Lembro o Doutor Ulysses quando se lançou à Presidência do Brasil em 1973. Era uma candidatura de protesto do então líder da Oposição. Não havia como ganhar em uma eleição indireta, com um Colégio Eleitoral franca e obrigatoriamente favorável ao escolhido pelos generais de plantão.
Vivíamos um período ditatorial – e o general Ernesto Geisel saiu-se vitorioso e sucedeu o então presidente, general Emílio Garrastazu Médici, de triste lembrança.
Em seu discurso de candidato, o Doutor Ulysses tornou popular a citação do general romano Pompeu:
“Navegar é preciso; viver não é preciso”.
A frase era mesmo emblemática. Revelava o sentido daquela candidatura fadada a não vingar.
No entanto, trazia em si o significado de que a luta continuava – e a esperança se renovava.
Houve uma comoção nos segmentos mais progressistas da sociedade. Até porque alguns relutavam em aprovar a iniciativa do líder do então MDB, o partido de Oposição consentido pelos ditadores. Diziam que essa empreitada só referendava o regime vigente.
Mas, as palavras ditas pelo Doutor Ulysses repercutiram internacionalmente. Até pela polêmica que causaram. Quem seria o verdadeiro autor da frase? O poeta Fernando Pessoa já a havia usado em um poema:
“Navegadores antigos tinham uma frase gloriosa:
Navegar é preciso; viver não é preciso.
Quero para mim o espírito desta frase
Transformada a forma para a casar como eu sou (…)”
Também o compositor Caetano Veloso fizera uso da mesma na letra do fado “Os Argonautas”, lançado em 1969.
“Navegar é preciso; viver não é preciso”.
Foi mesmo um momento histórico, emblemático para toda uma geração. Um postulado existencial. Quem tem mais de cinquenta e tantos sabe bem o que estou falando…

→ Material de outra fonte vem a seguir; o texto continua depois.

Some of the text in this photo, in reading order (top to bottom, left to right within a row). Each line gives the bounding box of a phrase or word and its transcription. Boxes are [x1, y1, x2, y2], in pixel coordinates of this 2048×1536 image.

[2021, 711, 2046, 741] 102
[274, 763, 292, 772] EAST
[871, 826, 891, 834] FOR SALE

Hoje, num dos tantos cruzamentos desta Pauliceia Desvairada, transito caótico, vejo passar pelo carro um desses vendedores ambulantes que trabalham nos semáforos. Entre as tantas engenhocas que vendia, destaca-se uma vareta cumprida em sua mão. É o chamado pau de selfie.
A bem da verdade, nada disso me impressiona. O que me chama a atenção é o inventivo grito de guerra do rapaz:
“Vamos lá pessoal. Olha o pau de selfie. Vamos fotografar. Vamos compartilhar. Vamos postar. Como diria o poeta, postar é preciso; viver não é preciso”.
É.
Os tempos mudaram…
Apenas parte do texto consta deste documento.